Pilot analysis on BioRxiv and MedRxiv full text data to facilitate comprehensive data mining on biomedical literature

We have curated the full text data archives of BioRxiv and MedRxiv preprints and conducted some exploratory analyses for our next stage research projects in text mining biomedical literature with automated approaches.
seedcorn funding
text mining
NLP
Author

Yi Liu

Published

August 21, 2023

Overview

The BioRxiv and MedRxiv preprint facilities are vital infrastructure for the biomedical research community, which also provide a rich and comprehensive resource for data mining biomedical literature for investigations on research trends, interests, and novel findings. In our previous works we have conducted extensive literature mining efforts on BioRxiv and MedRxiv to extract structural literature knowledge into EpiGraphDB[1] and derive research claims from recent preprints to be triangulated with other evidence on ASQ[2].

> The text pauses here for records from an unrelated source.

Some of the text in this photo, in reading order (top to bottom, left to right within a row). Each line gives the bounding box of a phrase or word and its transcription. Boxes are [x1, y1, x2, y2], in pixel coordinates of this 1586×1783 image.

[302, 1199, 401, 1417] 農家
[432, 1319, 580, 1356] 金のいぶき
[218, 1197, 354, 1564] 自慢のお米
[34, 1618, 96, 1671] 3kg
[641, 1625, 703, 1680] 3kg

Supported by the Elizabeth Blackwell Institute Rapid Research Funding Call, in this project we have acquired the full text data archives for BioRxiv and MedRxiv preprints from 2013 to May 2023, and we have also conducted some exploratory analysis on the data archives.

Full text archives of BioRxiv / MedRxiv preprints

Web scraping pre-print text is time consuming as well as error prone. However, BioRxiv and MedRxiv have provided archive data on the preprints for the purpose of text and data mining hosted on Amazon AWS S3 as Requester Pays Buckets. Full text archives from BioRxiv and MedRxiv are stored in two S3 buckets biorxiv-src-monthly and medrxiv-src-monthly respectively, where the organization structure is roughly as follows (high level description is also available on the tdm pages):

biorxiv-src-montly
├── Back_Content
└── Current_Content
    ├── April_2019
    ├── April_2020
    │   ├── 0002415e-6e79-1014-bad3-d7b11ff8718c.meca
    │   ├── 0008729e-7222-1014-9e12-b08e9cbb4568.meca
    │   ├── 00114dfb-6f21-1014-b58f-80aa2e0e89bd.meca
    │   ├── 00114e62-6cf9-1014-aedd-beed0b185e0b.meca
    │   ├── 0025be66-6dea-1014-8d12-849fadd63f55.meca
    │   ├── ....
    │   ├── ....
    ├── April_2021
    ├── April_2022
    ├── April_2023
    ├── August_2019
    ├── August_2020
    ├── August_2021
    ├── August_2022
    ├── December_2018
    ├── December_2019
    ├── December_2020
    ├── December_2021
    ├── December_2022
    ├── ...
    ├── ...
medrxiv-src-monthly
├── Back_Content
└── Current_Content

Each .meca file is an archive in .zip format which contains individual files associated with one preprint submission. For example the following structure corresponds to files associated with this preprint (Shrestha et al., 2022, Knowledge, Attitude and Practice (KAP) study on COVID-19 among the general population of Nepal). Specifically the file ./content/22279527.xml is the “full text / manuscript” file in .xml format.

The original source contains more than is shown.